Ultimately it devolves down to the fact that I feel horrible and disgusting and unlovable. And that feeling is so deeply embedded in my self-image that changing it requires the psychological equivalent of open heart surgery to fix it.
And that’s a hard thing to have to do to yourself.
Another limiting belief of mine is that I am weak and incapable and incompetent.
My dyspraxia plays a big part in that. Also known as developmental co-ordination disorder, it’s just like dyslexia except instead of making it harder to learn to read, it mkes it harder to learn motor skills.

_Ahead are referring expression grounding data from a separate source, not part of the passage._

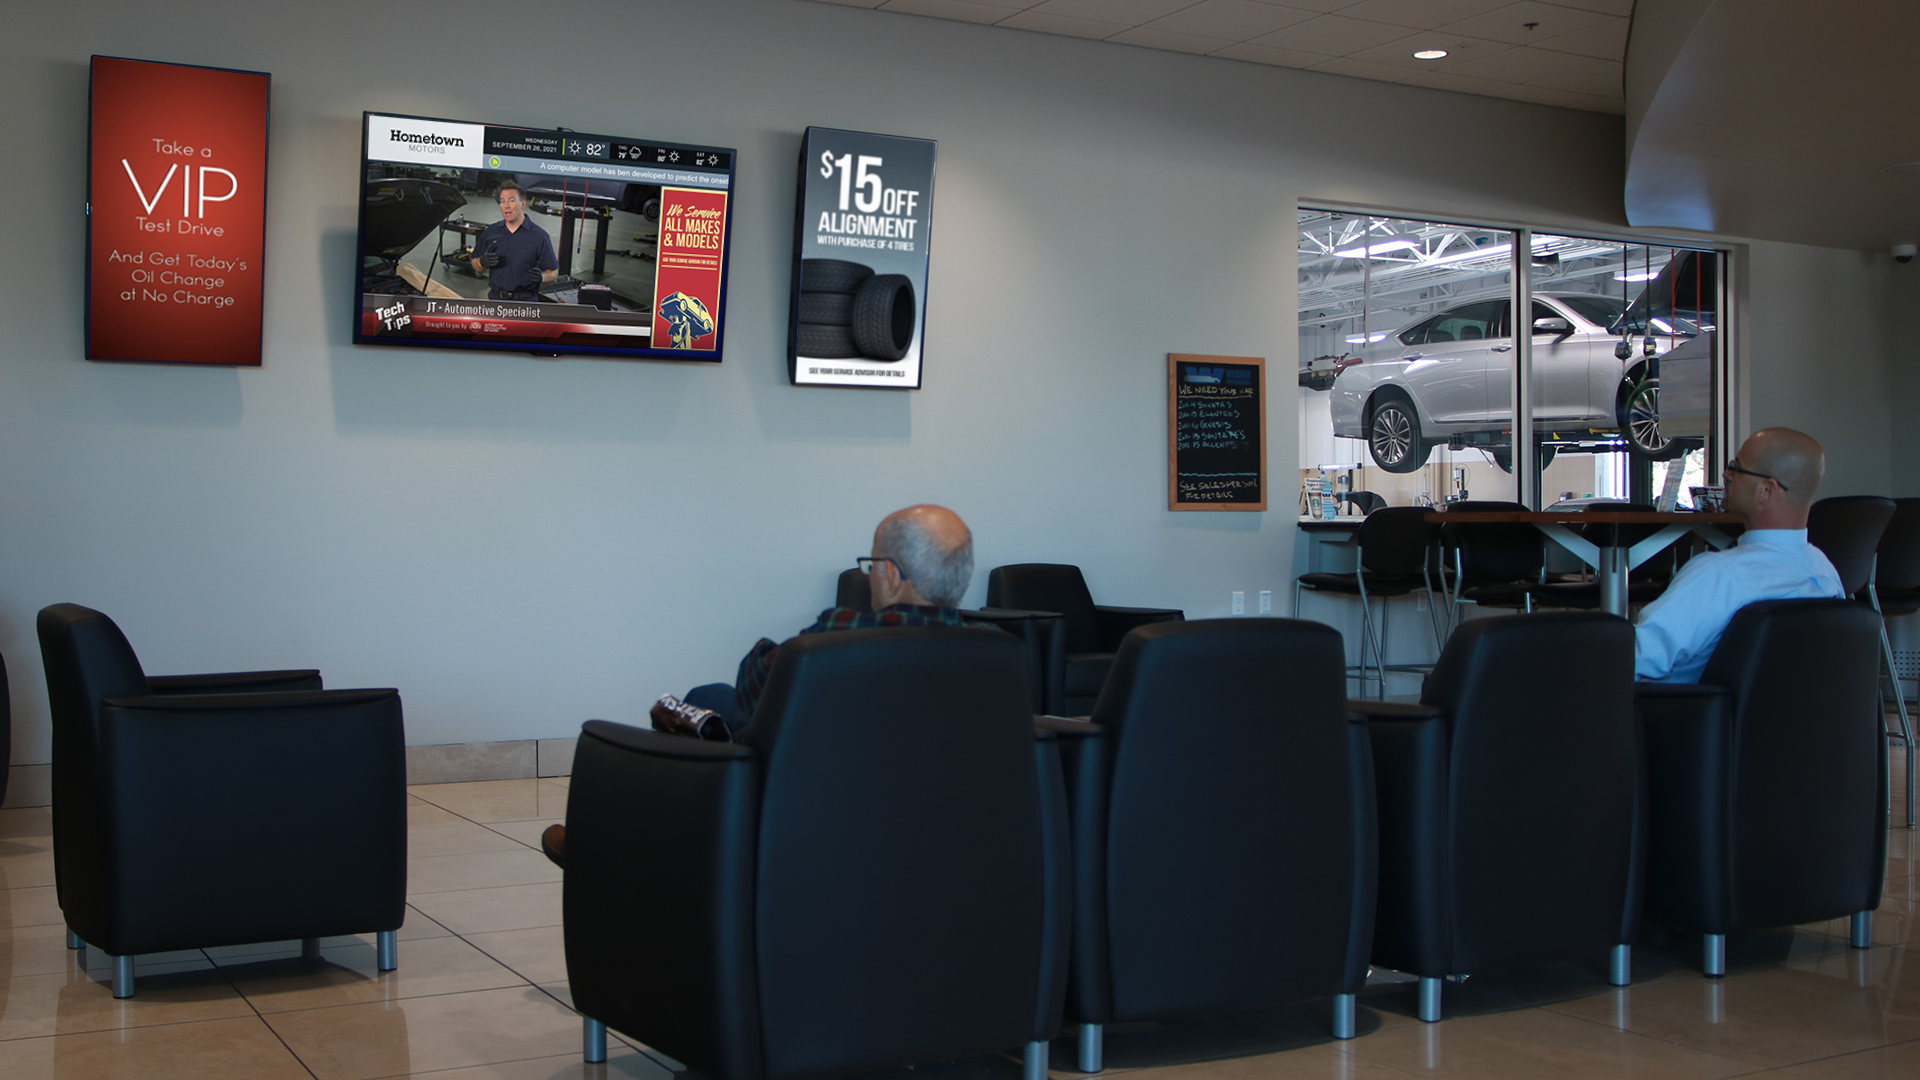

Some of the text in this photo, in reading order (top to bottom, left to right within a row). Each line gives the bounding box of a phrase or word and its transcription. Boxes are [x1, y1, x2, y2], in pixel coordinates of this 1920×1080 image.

[390, 130, 464, 147] Hometown
[492, 141, 531, 151] SEPTEMBER
[152, 138, 212, 158] Take a
[408, 144, 446, 154] MOTORS
[586, 143, 605, 155] 82°
[547, 163, 580, 172] computer
[580, 165, 602, 173] model
[632, 170, 666, 180] developed
[676, 173, 697, 182] predict
[699, 175, 709, 183] the
[711, 177, 728, 185] onset
[122, 159, 238, 218] VIP
[820, 150, 919, 216] $15 OFF
[666, 204, 721, 219] We Service
[135, 216, 224, 237] Test Drive
[665, 217, 720, 235] ALL MAKES
[818, 211, 917, 239] ALIGNMENT
[664, 233, 719, 249] & MODELS
[817, 235, 914, 252] WITH PURCHASE OF 4 TIRES
[108, 250, 247, 272] And Get Today's
[131, 269, 224, 289] Oil Change
[120, 289, 234, 308] at No Charge
[376, 302, 405, 321] Tech
[426, 302, 437, 313] JT
[444, 303, 495, 316] Automotive
[497, 305, 541, 318] Specialist
[384, 313, 411, 331] Tips
[425, 321, 445, 330] Brought
[462, 322, 467, 330] by
[1226, 369, 1251, 379] WERNER
[1179, 384, 1193, 394] WE
[1195, 386, 1217, 394] NEED
[1180, 481, 1196, 492] SEE

I’ve had that problem for my entire life. It’s why I am such a spaz when it comes to doing physical things. Combined with my poor eyesight (even in glasses), it definitely functions as a disability all on its own and leaves me in need of someone who is physically competent more often than I would care to admit.
This was made into a psychological issue by my siblings being impatient with me not being able to do certain simple things and making me feel bad about even trying to do things myself, let alone giving me the time and space and help I needed in order to laboriously learn to do things.

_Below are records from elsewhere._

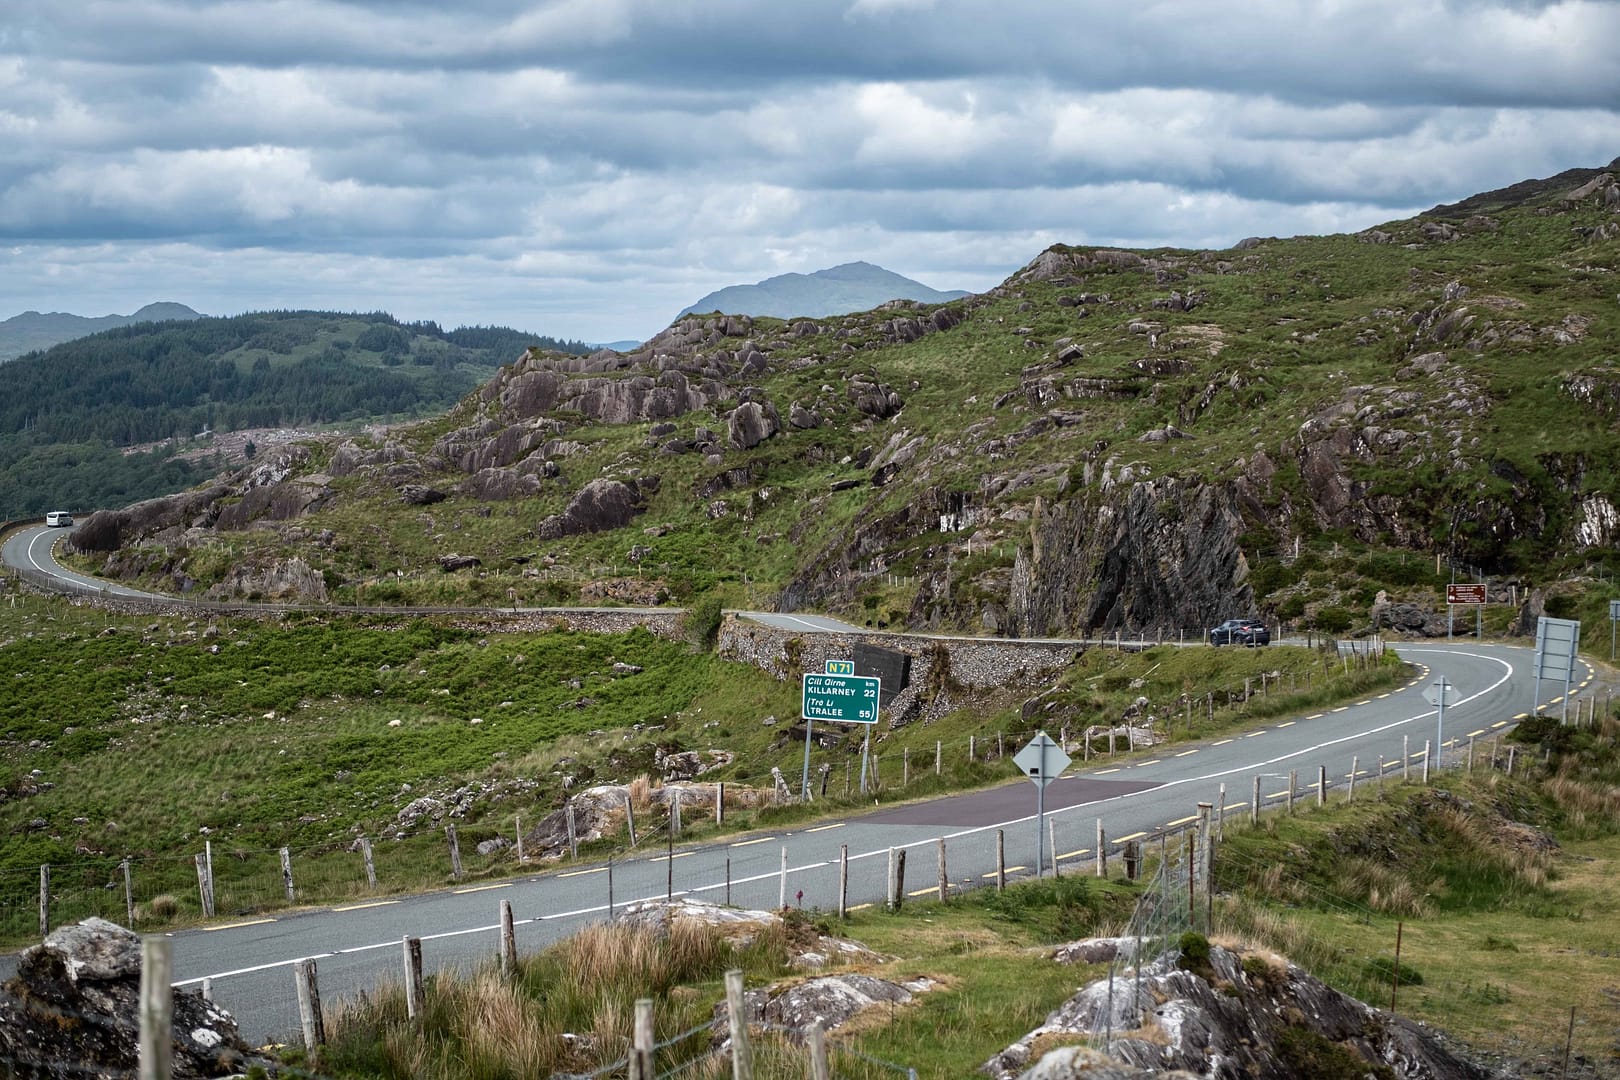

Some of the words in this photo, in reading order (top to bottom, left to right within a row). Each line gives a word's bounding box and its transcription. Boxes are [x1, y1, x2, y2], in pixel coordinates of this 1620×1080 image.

[808, 678, 822, 686] Cill
[808, 687, 856, 696] KILLARNEY
[864, 690, 876, 698] 22
[810, 708, 842, 716] TRALEE
[859, 710, 870, 718] 55
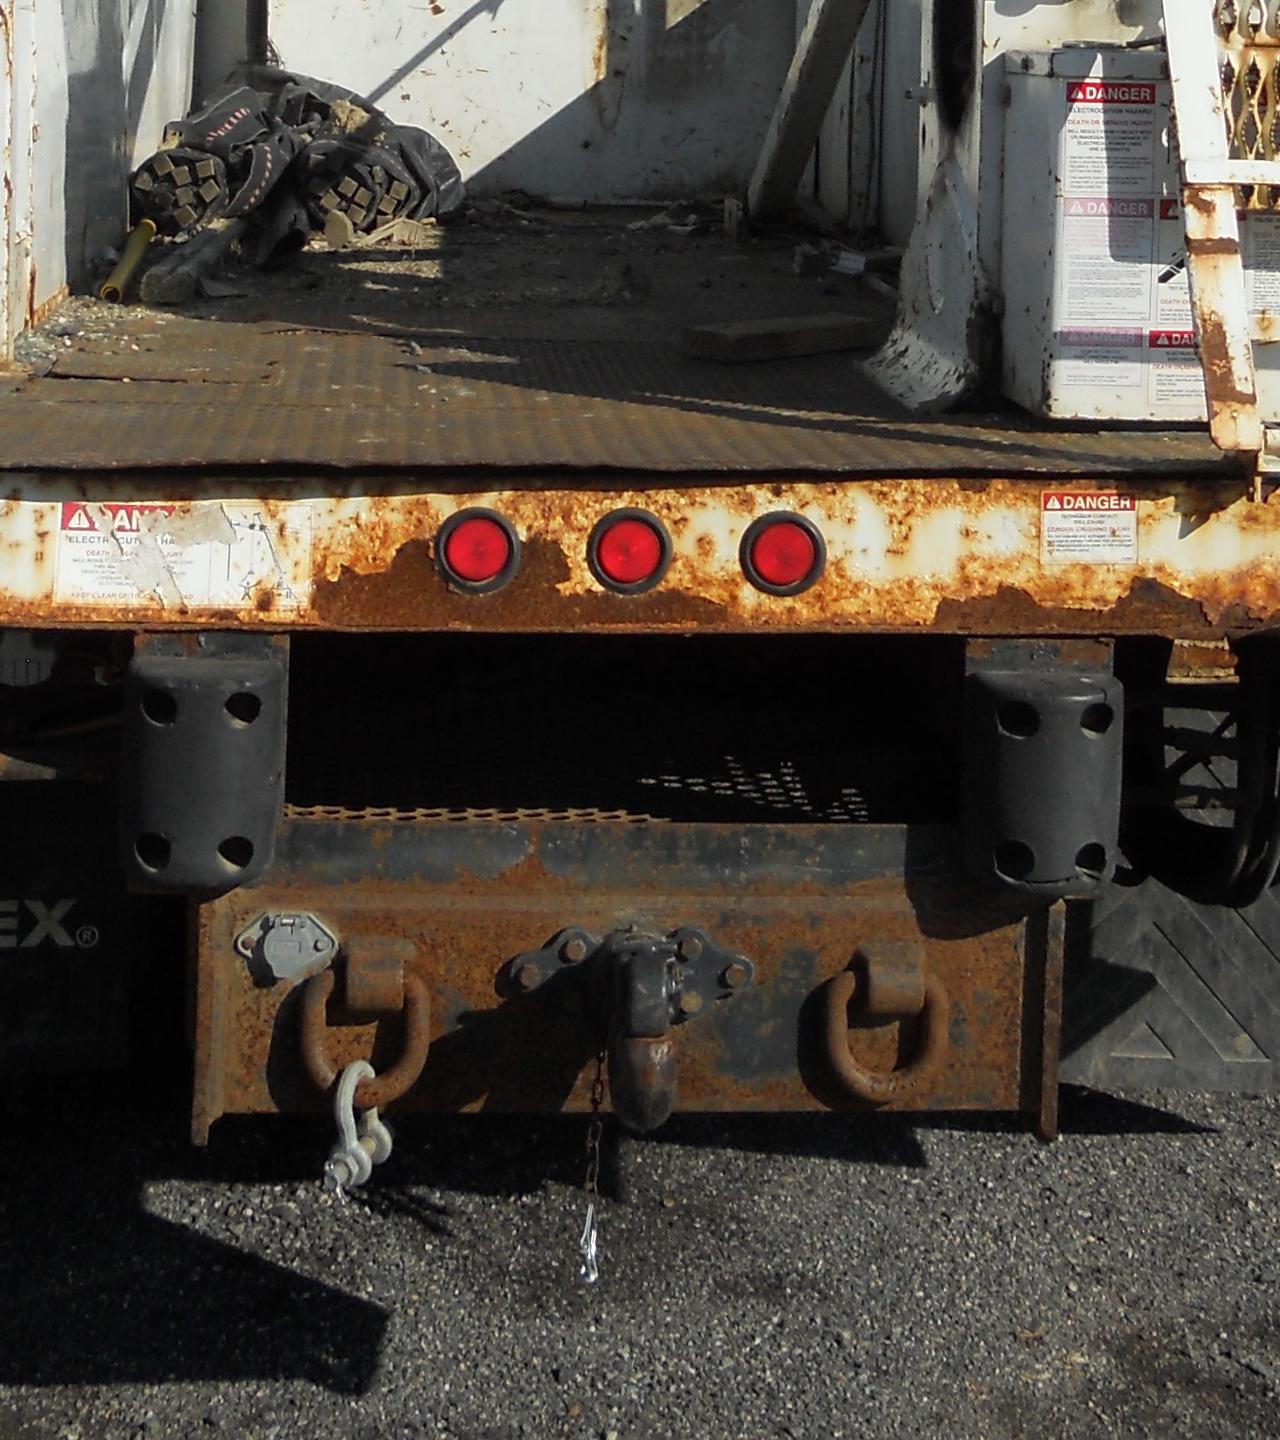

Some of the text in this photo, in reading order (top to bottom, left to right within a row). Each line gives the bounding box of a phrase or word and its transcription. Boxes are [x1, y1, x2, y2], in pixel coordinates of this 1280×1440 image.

[1085, 86, 1151, 101] DANGER
[1087, 201, 1148, 215] DANGER
[1063, 496, 1131, 510] DANGER

I sometimes wonder if there’s something wrong with my mirror neurons. Maybe too many of them are devoted to empathy instead of motor skill acquisition.
So unlike the belief in my horribleness, my feeling of helpless physical incompetence does have some basis in reality. I do have a lot of trouble with some things, especially things requiring fine motor control.
To be honest, I’ve never controlled a fine motor in my life. Like a Bentley or a Jag.
But acknowledging my limitations does not require me to hate myself over it. That’s entirely optional and hopefully avoidable in time.
I might want to pursue an official diagnosis, though. It might help me to qualify for additional assistance, such as occupational therapy.
Who know, maybe it’s partly fixable.
Another very toxic belief is that I am worthless. That I am nothing but a liability to the world and to those who love me and, well, you can guess where that leads.
The very bad place.
I know that people like me and value me and want me around. And I know that I am actually a phenomenally talented and capable individual who has an amazing amount to offer the world if I could just get out of my own way.
I know these things and yet I don’t feel them. All my despair and self-loathing has no basis in reality and yet the delusional beliefs remain because they are my only way of expressing certain difficult emotions in myself.
So ridding myself of these toxic beliefs requires finding a different, healthier, less self-destructive outlet for those feelings.
And I don’t know where to go for that.
More after the break.
Missing the point
My intuition is saying that there’s toxic beliefs that the above text comes nowhere near addressing. That there’s much deeper and more fundamental delusional beliefs that need to be addressed in order for me to finally clear the bone from my throat and heal.
Obviously, I don’t know what those are yet. But it’s a solid lead.
Come out with your hands up
It just occurred to me that for a lot of my life I have felt surrounded.
Like, as in, cop on a bullhorn shouting, “You’re completely surrounded! There’s no chance you will escape! So come out with your hands up!”
And here I am hunkered down in the one room of the house with no windows, assault rifle in my hands, nowhere near ready to surrender to the god damn cops.
Of course, there’s nobody out there. I’m not surrounded by anything but my own fears and the need to escape them.
And the only way to escape from your fears when they have you surrounded is to withdraw even further into yourself and essentially pretend they are not there.
And I have done this many times over and so I am many, many layers deep into myself. By “choosing” to remain cut off from the world and living in the world of screens, I am fleeing my own inner prosecution and things just keep getting worse and that only makes me withdraw even more.
It’s a terrible cycle. It “works” in that it makes it seem like the bad things have gone away when I am really just filling my mind with video games to displace them.
That’s like the definition of maladaptive.
Practically the entire world of media, as one, yells that I should face my fears and conquer them and I will feel so great and free afterwards.
No doubt this is true. But it doesn’t make it easier to actually do that.
It doesn’t pry the icy fingers of fear from my throat so that it no longer fears like if I face those fears I will die… or worse.
Right now it feels like defying that circuit of fears and aversions that surrounds me would be like tearing off one of my limbs.
And I know that it would probably be worth it.
But I’m scared.
I will talk to you nice people again tomorrow.